▶ Provided material:
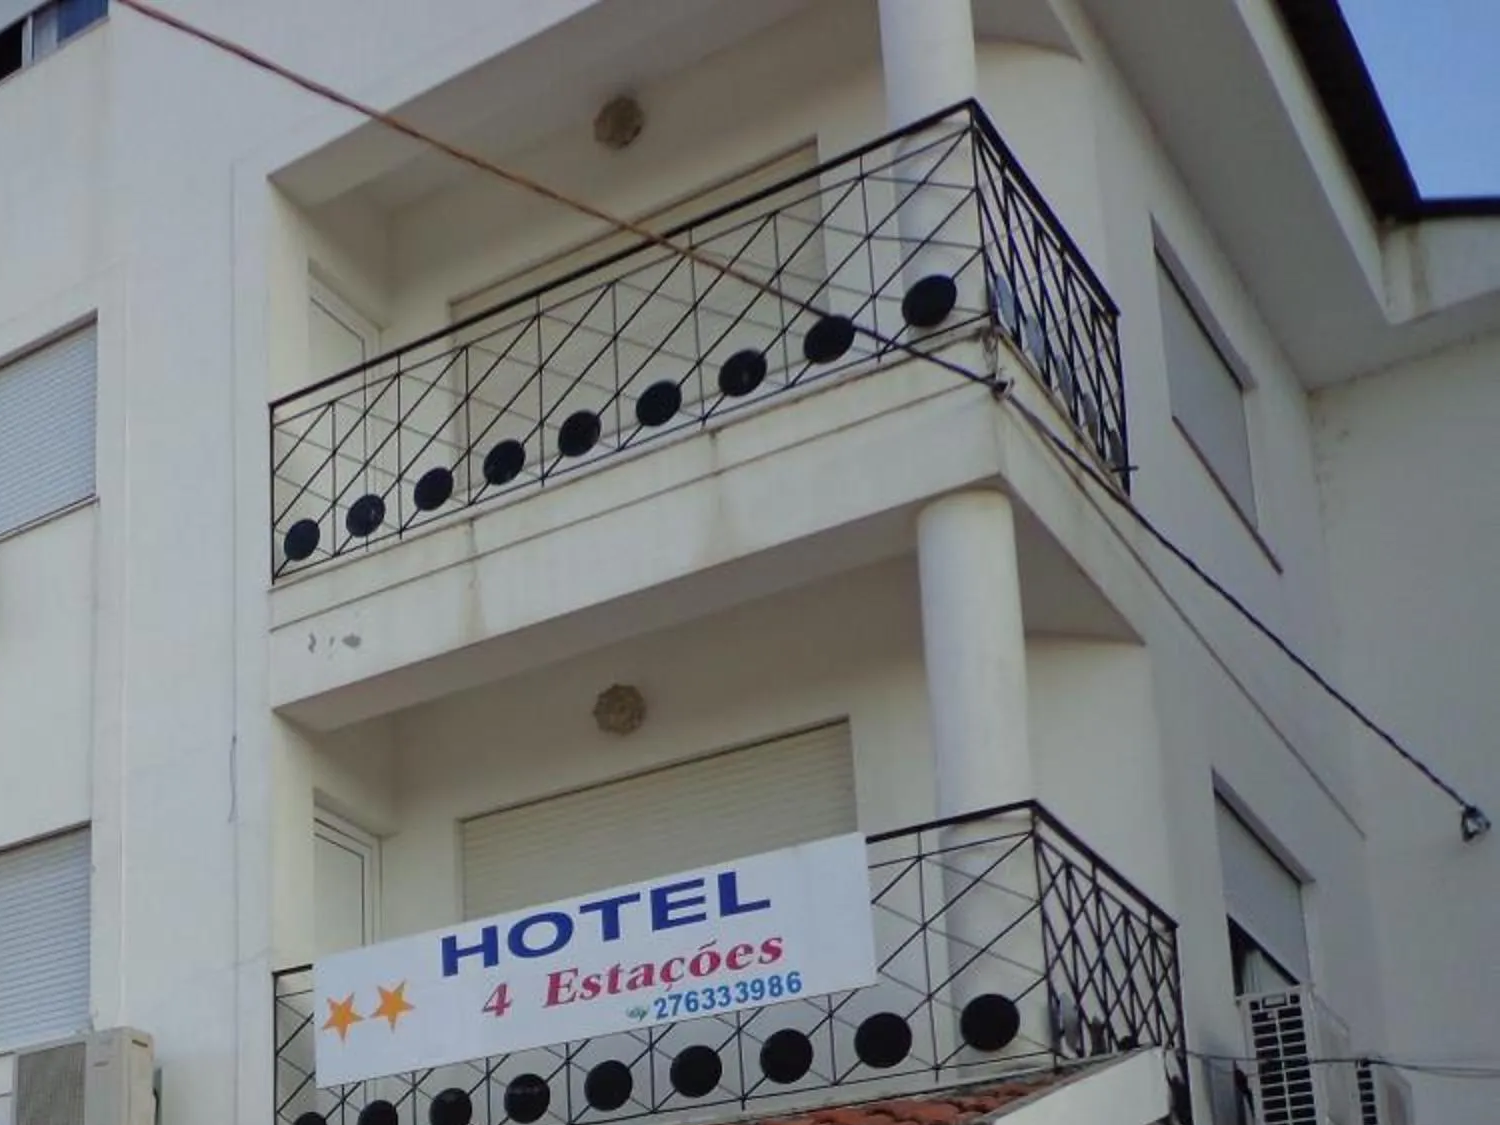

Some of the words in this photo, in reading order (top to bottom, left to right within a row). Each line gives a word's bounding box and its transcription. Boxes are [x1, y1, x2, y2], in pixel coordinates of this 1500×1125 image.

[441, 871, 771, 977] HOTEL
[482, 983, 511, 1017] 4
[653, 971, 803, 1020] 276333986
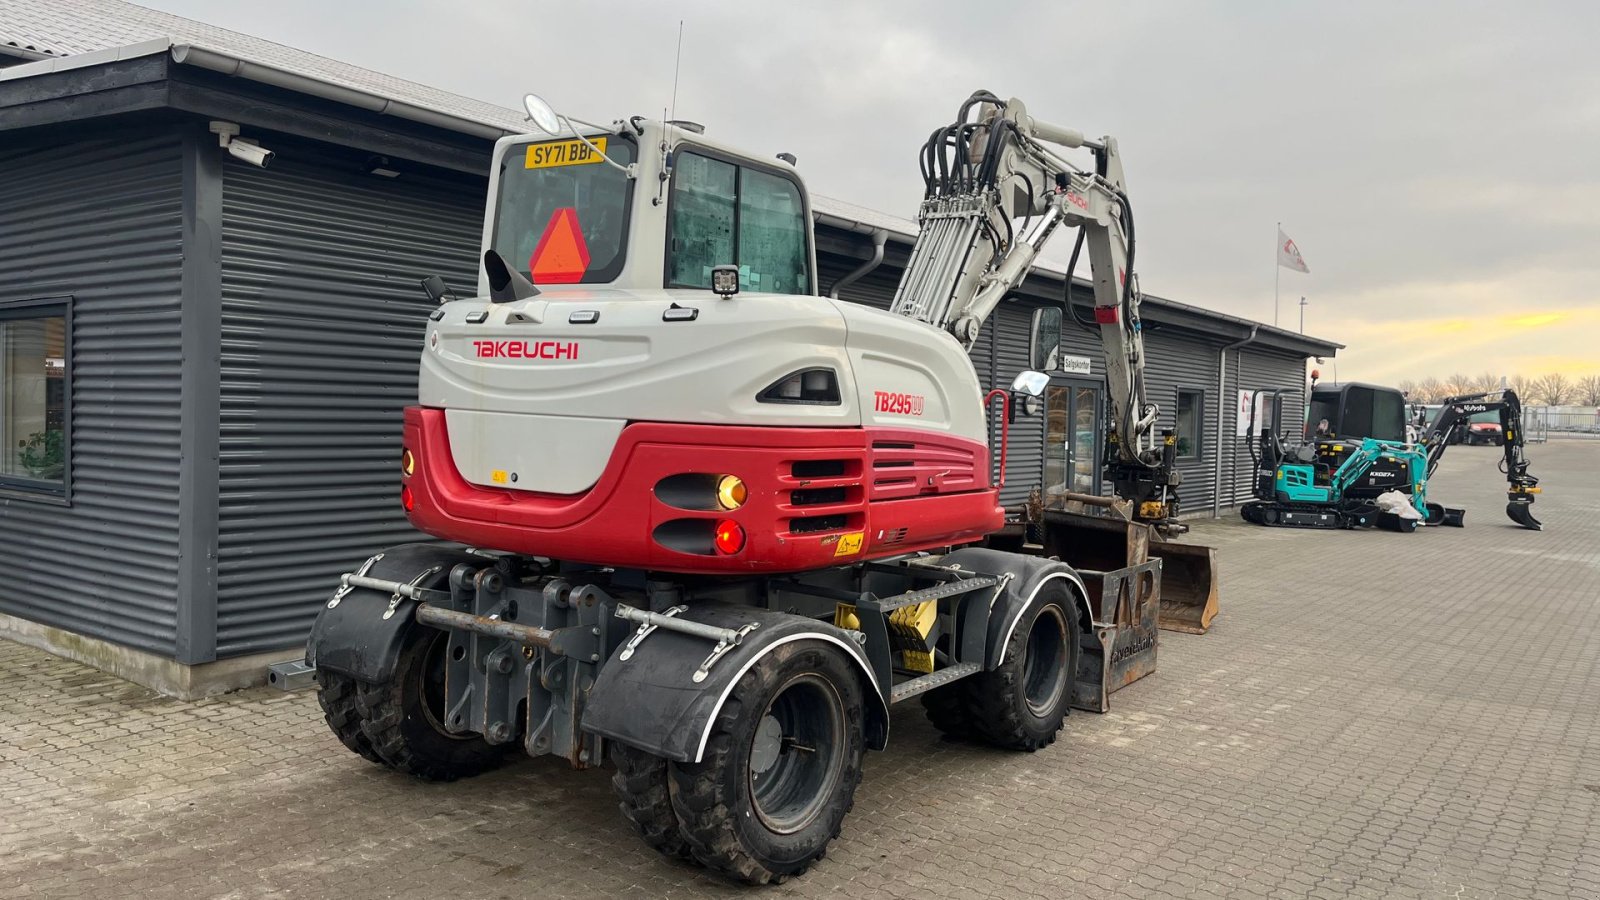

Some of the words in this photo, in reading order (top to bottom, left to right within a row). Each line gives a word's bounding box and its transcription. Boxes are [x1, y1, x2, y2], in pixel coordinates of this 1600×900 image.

[534, 144, 566, 164] SY71
[569, 142, 598, 161] BBF
[874, 391, 925, 416] TB295W

▶ Problem details:
Transcribe exactly, and only, the lines from the one with "this 1600×900 image." through the last line of the data.

▶ Your solution:
Some of the words in this photo, in reading order (top to bottom, left to right within a row). Each line gives a word's bounding box and its transcription. Boxes are [x1, y1, x2, y2], in pixel coordinates of this 1600×900 image.

[534, 144, 566, 164] SY71
[569, 142, 598, 161] BBF
[874, 391, 925, 416] TB295W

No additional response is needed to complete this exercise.